Kapitel 7

 

Ich starrte ihn an und versuchte einzuschätzen, wie ernst es ihm war. Er sah jedenfalls so aus, als sei es ihm verdammt ernst damit. Also fragte ich. »Wer zum Teufel bist du, und was hast du und dein verdammter Ghul auf unserem Grundstück zu suchen?«

Mr. Unheimlich blinzelte. »Ich heiße Wilbur. Ich bin ein Nekromant, das da ist mein Ghul, und ich wäre dir dankbar, wenn du ihn an einem Stück lassen würdest. Er ist davonspaziert, und ich habe es nicht gleich gemerkt - o nein. Du hast ihn kaputt gemacht.«

Ich warf einen Blick auf den Ghul, der nun wieder stand, den Kopf gefährlich weit nach links geneigt, ein schiefes, hirnloses Lächeln im Gesicht. Ich hatte ganze Arbeit geleistet und die Halswirbel völlig zerkrümelt. Er sah ziemlich jämmerlich aus, wie er da stand.

Ich wandte mich wieder Wilbur zu. »Steck den Pflock weg. Dein Ghul war auf unserem Land, er hat unsere Schutzbanne ausgelöst. Was erwartest du also? Wenn du deine Haustierchen ohne Leine herumlaufen lässt, kommen sie schon mal unter die Räder. Wilbur, hast du gesagt?« Ich schüttelte den Kopf.

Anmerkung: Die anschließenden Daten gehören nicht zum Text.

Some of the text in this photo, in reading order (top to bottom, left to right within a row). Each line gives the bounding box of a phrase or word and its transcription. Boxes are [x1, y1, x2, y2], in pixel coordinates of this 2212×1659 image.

Das hatte uns gerade noch gefehlt. Ein Nekromant, der hieß wie ein Schweinchen, dessen beste Freundin eine Spinne war. »Wo kommst du her, Wilbur?«

Er blinzelte wieder. »Ich bin vor einer Weile ein paar Häuser weiter eingezogen. Das alte Haus der Londons. Ich lebe sehr zurückgezogen und halte ihn normalerweise an der kurzen Leine.« Er wies mit einem scharfen Nicken auf den Ghul. »Aber hin und wieder passiert so was eben.« Er ließ den Pflock sinken, behielt mich aber im Auge. »Du und deine Schwestern, ihr seid ganz schön berühmt. Ich dachte mir, dass Martin hierhin spazieren würde; euer ganzes Anwesen blinkt wie eine riesige Leuchtreklame.«

Bei einem Geräusch auf dem Pfad drehten wir uns beide um. Er hob wieder seinen Pflock, ließ ihn aber sinken, als Delilah und Camille den Pfad entlang gerast kamen. Ich wartete, bis sie uns erreicht hatten und mit verwirrtem Blick versuchten, die Situation einzuschätzen.

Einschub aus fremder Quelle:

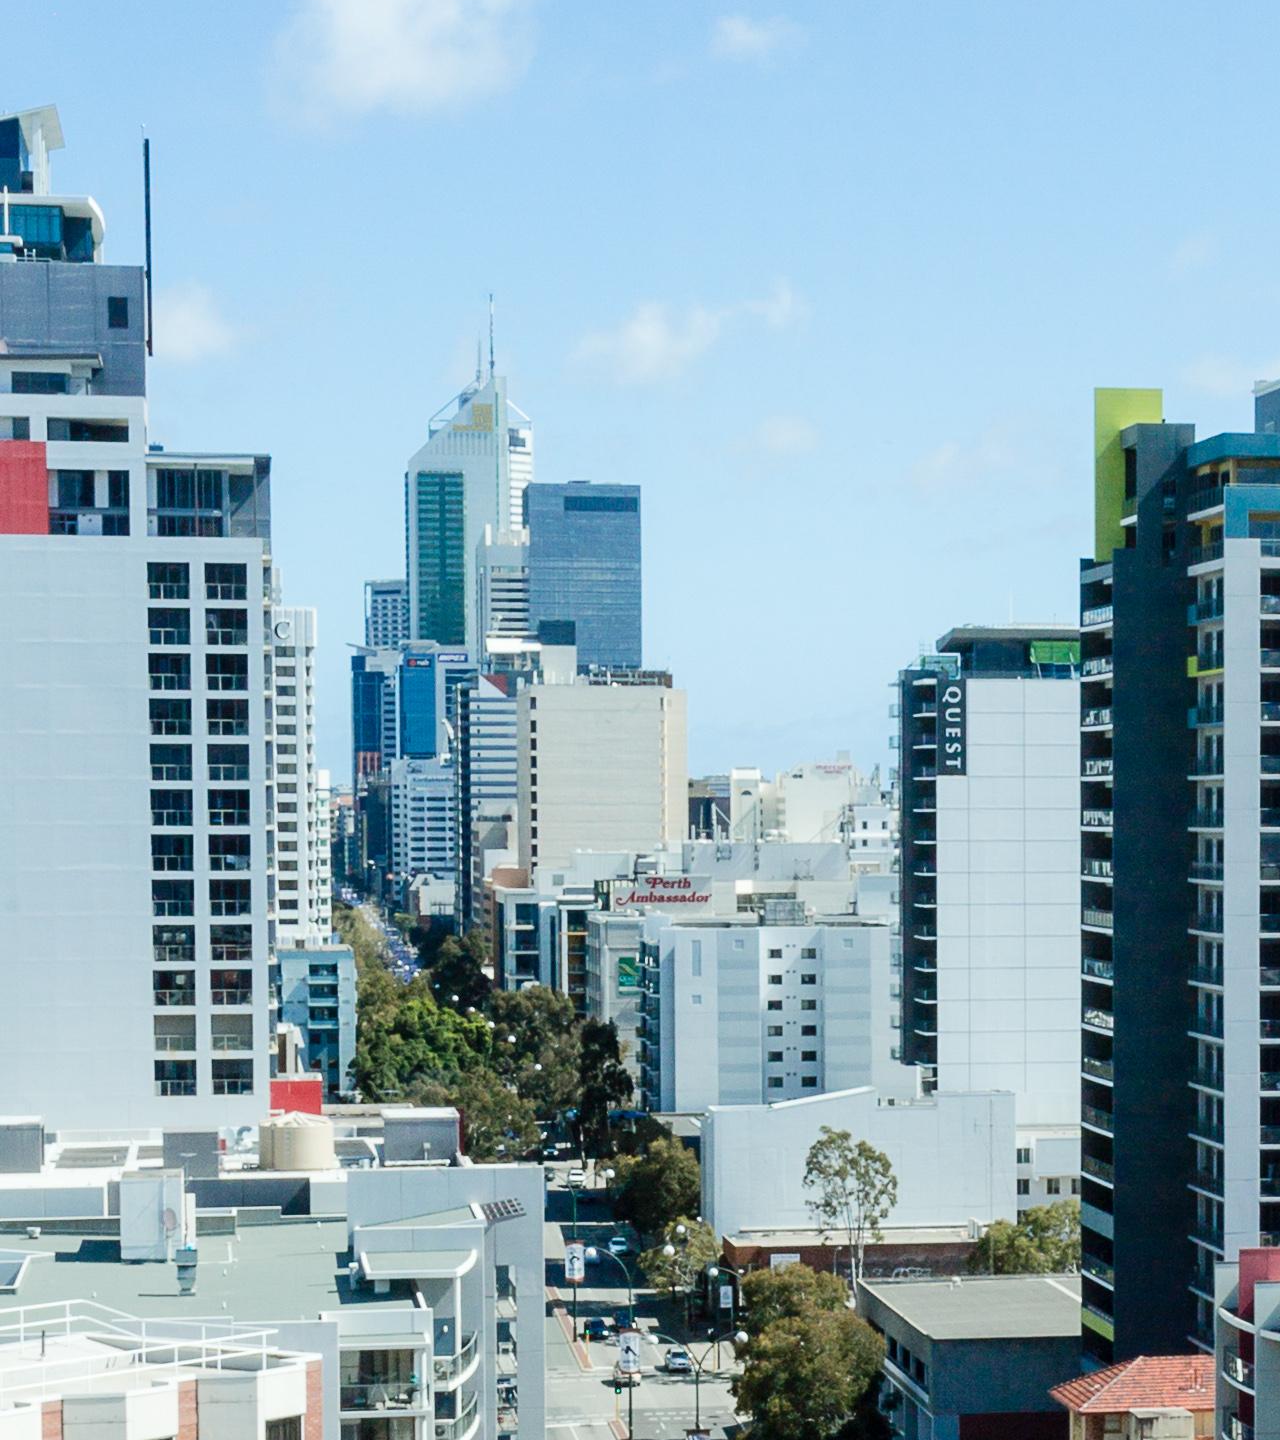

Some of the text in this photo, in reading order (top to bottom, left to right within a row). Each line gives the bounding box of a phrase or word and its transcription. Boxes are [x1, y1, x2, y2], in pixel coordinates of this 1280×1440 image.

[943, 686, 962, 769] QUEST
[645, 877, 692, 889] Perth
[616, 891, 713, 906] Ambassador

»Mädels, das ist unser neuer Nachbar Wilbur. Wilbur ist Nekromant. Ihm gehört dieser Ghul, der übrigens Martin heißt. Anscheinend ist Martin ihm davongelaufen. «

»Martin?« Camille hielt das Einhorn-Horn in der Hand. Ich sah, wie Wilbur es anstarrte, ehe Camille es hastig in der Tasche verschwinden ließ.

Merke: Auf Wilbur aufpassen, dachte ich. Nekromanten waren schon von vornherein nicht besonders vertrauenswürdig, und wenn er gespürt hatte, wie mächtig ihre Waffe war, dann könnte er sehr wohl versuchen, sie ihr zu klauen.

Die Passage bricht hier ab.